Before I proceed, Un-dress here is not going naked. It simply means dressing down from our regular style.
I didn’t know that I need more time to un-makeup and un-dress until these few days. Sure, I can go anywhere without make-up and wear whatever garb I was in, like the faded Bermuda and baggy t-shirt. But where I go, I cannot go in Bermuda and baggy t-shirts from those freebies, giveaway tees. Especially not those t-shirts which bear slogans like ‘Danger. This bitch starts automatically’ or my signature t-shirt ‘The Obnoxious 5xmom’.
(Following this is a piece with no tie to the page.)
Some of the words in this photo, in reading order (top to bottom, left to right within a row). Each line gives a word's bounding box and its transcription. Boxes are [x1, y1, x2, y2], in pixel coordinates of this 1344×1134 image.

I also cannot go in my usual blouses because I don’t want to look like I am going to a party or Sunday church. Then, I have to check in the mirror if my t-shirt is too form fitting or too revealing or low collar. Blek, who would guess that it takes me much longer to rummage through my wardrobe to find something that fits the description?
Then, I have to wonder if I need a light hint of lipstick so that I don’t look sickly. And the fickle woman part of me, wonder if my lipstick colour is too striking.
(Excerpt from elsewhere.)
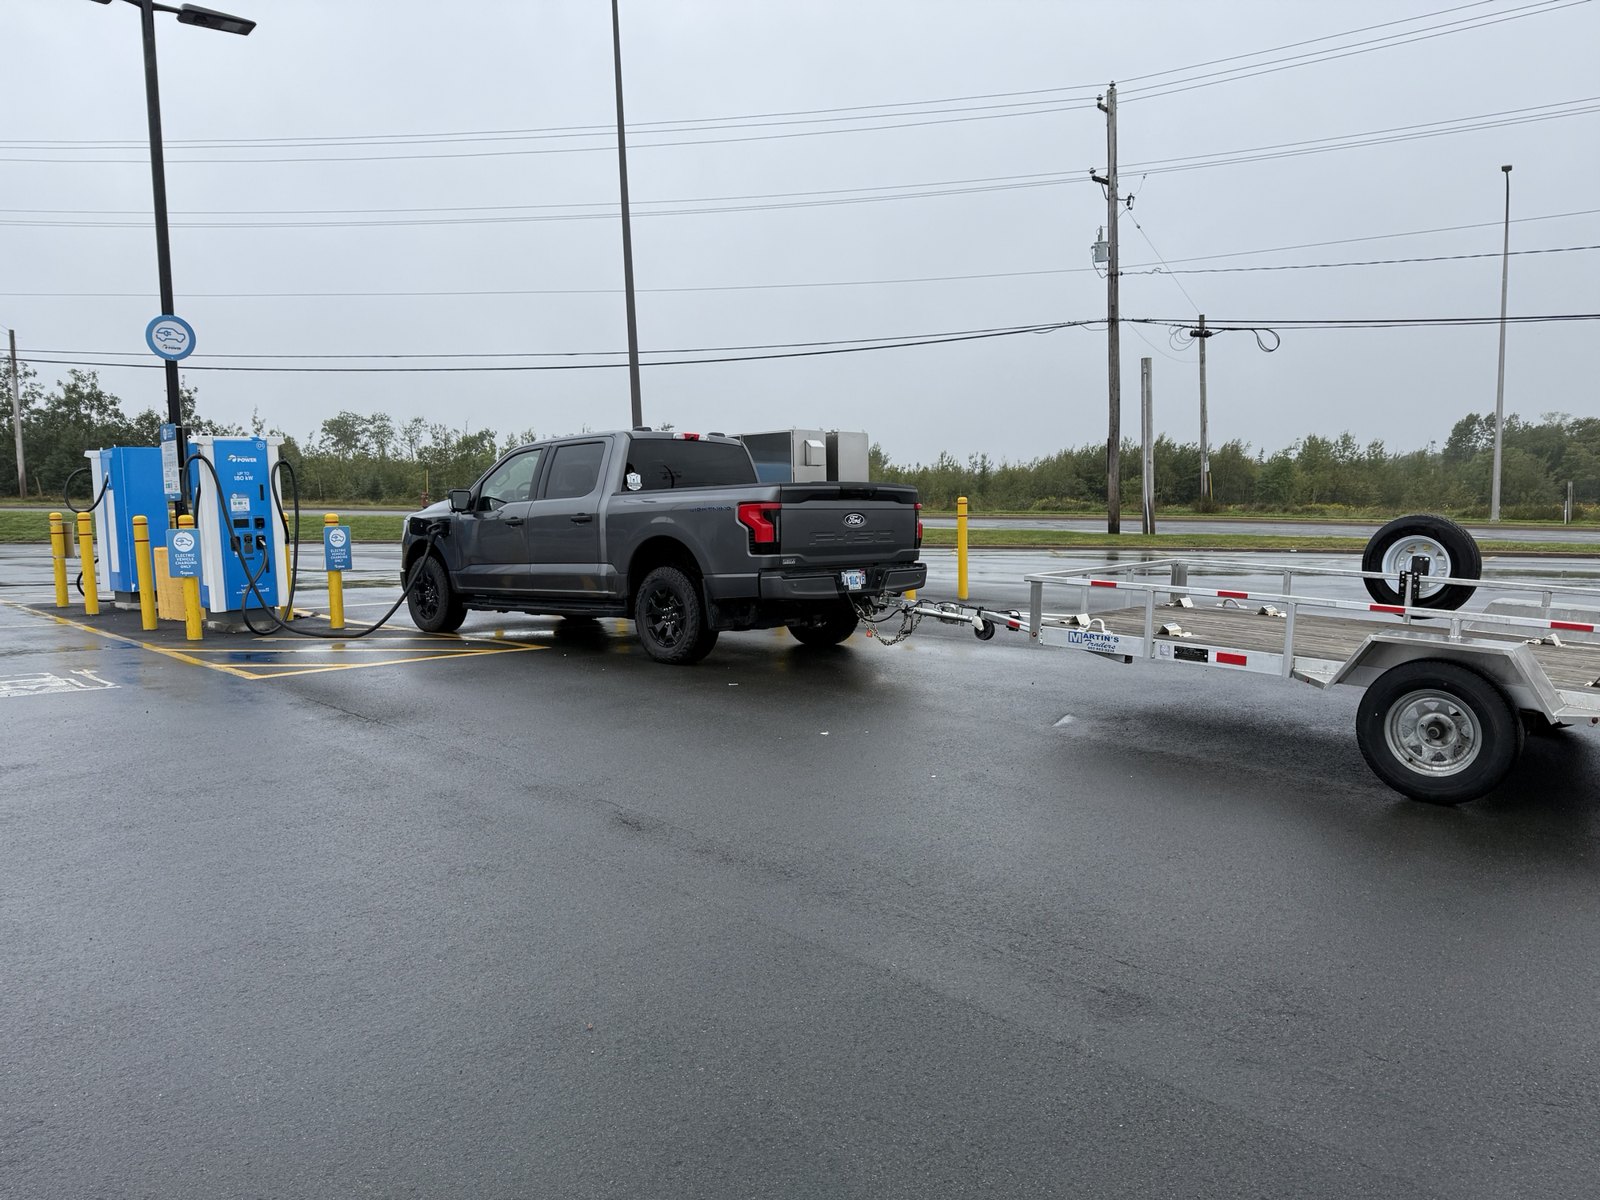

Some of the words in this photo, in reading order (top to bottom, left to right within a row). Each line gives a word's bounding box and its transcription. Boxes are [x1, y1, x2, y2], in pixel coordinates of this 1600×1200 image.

Well, I guess everyone has their initial nervousness and I released mine in the form of trying to look the part. And I am so glad that everything is over today, I am accepted warmly. Whatever I wear or don’t wear. Still, I must make a mental note to stick to what I mentioned above because treading on places I have never been before, means a careful watch on the first appearance.
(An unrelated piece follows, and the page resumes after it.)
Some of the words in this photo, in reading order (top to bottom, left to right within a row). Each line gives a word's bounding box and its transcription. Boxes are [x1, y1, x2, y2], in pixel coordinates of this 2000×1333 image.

I cannot afford to give people the impression that I am some mak-datin trying to reap good karma. I also don’t want to make myself look so glum, it adds on more gloom to the already dreary place.
But praise the Lord, the first person I met, she already made me feel loved. And I hope she felt that I had showered her with genuine care and sincere concern. I will be back. Definitely. Thank you, Lord for the guts You implanted in me. I see Your people’s hurt, vulnerability, fears but I also see Your strength, faith, courage and determination in those faces.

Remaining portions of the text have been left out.